I use the same ingredients but this is what I do:
Fettucine Alfredo Adapted from Cooking Light Magazine
- 1 TBSp Butter
- 2 Garlic Cloves, minced
- 1 TBSp AP Flour
- 1 & 1/3 cups Skim Milk
- 5 oz. of Shredded Parmesan Cheese- *I buy the the 5 oz. tub of freshly shredded parmesan.
- 2 TBSp Cream Cheese (I use regular)
- *I OMIT the salt! The parm is salty enough for our taste, why add more?
- 8 oz. FRESH packet of Fettucine-
*I get the Buitoni- It tastes so much better than dry pasta & it's quicker to cook.
- Fresh Parsley, chopped
- Basil (sometimes I will add a chiffonade of basil)
*Lishie tip- Like I said, for weeknight cooking, it's all in the prep!
I get the water started for fettucine. I get out the pan, & pat the butter into it but I do not turn the heat on... Instead, I line up everything else first. On a cutting board, I chop the parsley on one side. On the other side I ready (unskin) the garlic & place the microplane next to it. Grab my TBSp measure & scoop the flour, place the TBSp itself, with the flour in it on the cutting board as well. Grab my liquid measuring cup & pour the milk for the ready. Open the parmesan container... measure & slice the cream cheese... Open the pasta package... Ready, set... Turn on the stove flame & get ready to WHISK, WHISK, WHISK for 10 minutes... & have dinner in 15! The key is in the continuous whisking!

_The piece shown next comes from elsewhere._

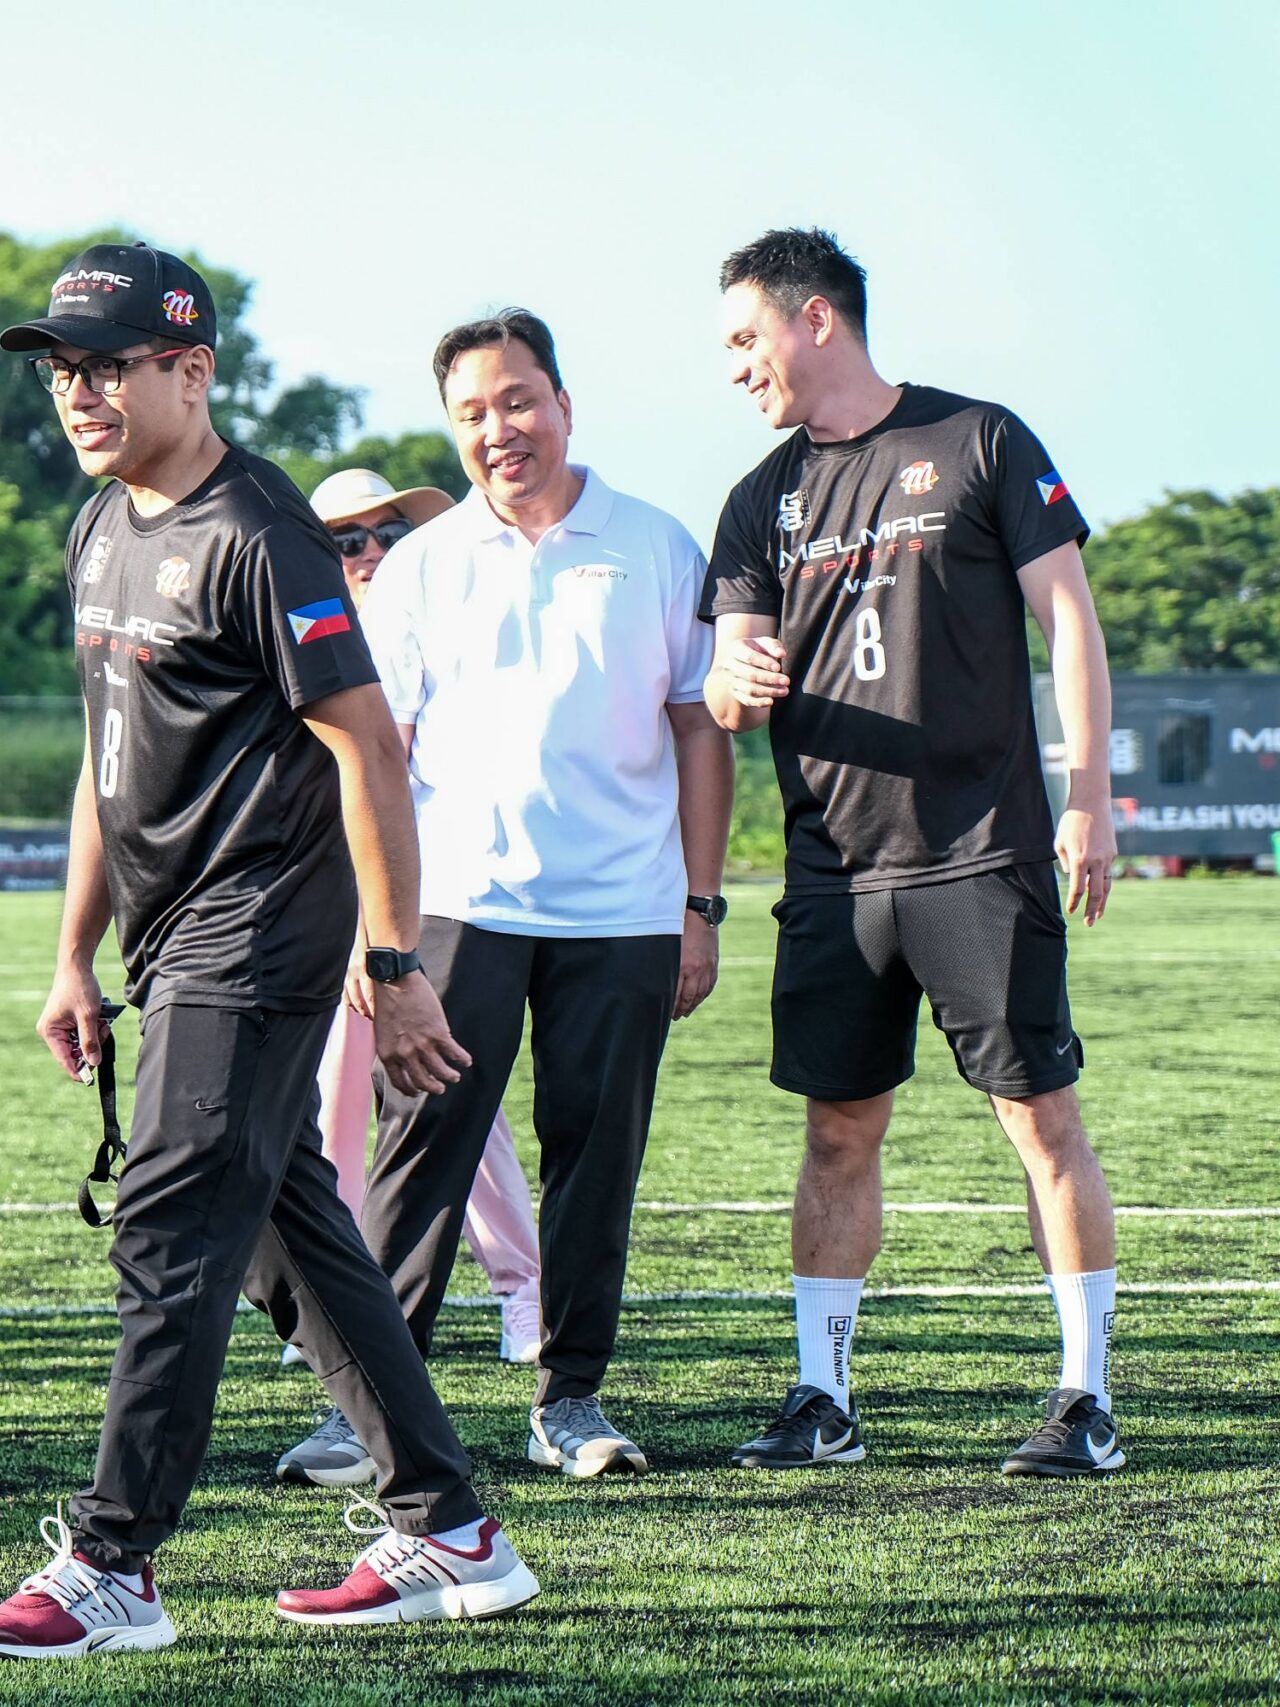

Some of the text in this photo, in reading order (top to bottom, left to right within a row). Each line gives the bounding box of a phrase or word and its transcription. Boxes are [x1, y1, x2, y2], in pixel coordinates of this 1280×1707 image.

Oh & when the pasta's done cooking, do not use a colander! I transfer it directly from the water pot to the alfredo saucy pan with a pasta spoon & in this exchange, also bringing a teensy bit of the starchy water with it to the sauce.
This is really versatile too- it can be the main dish or a side... You can add a protein. I love to add grilled chicken.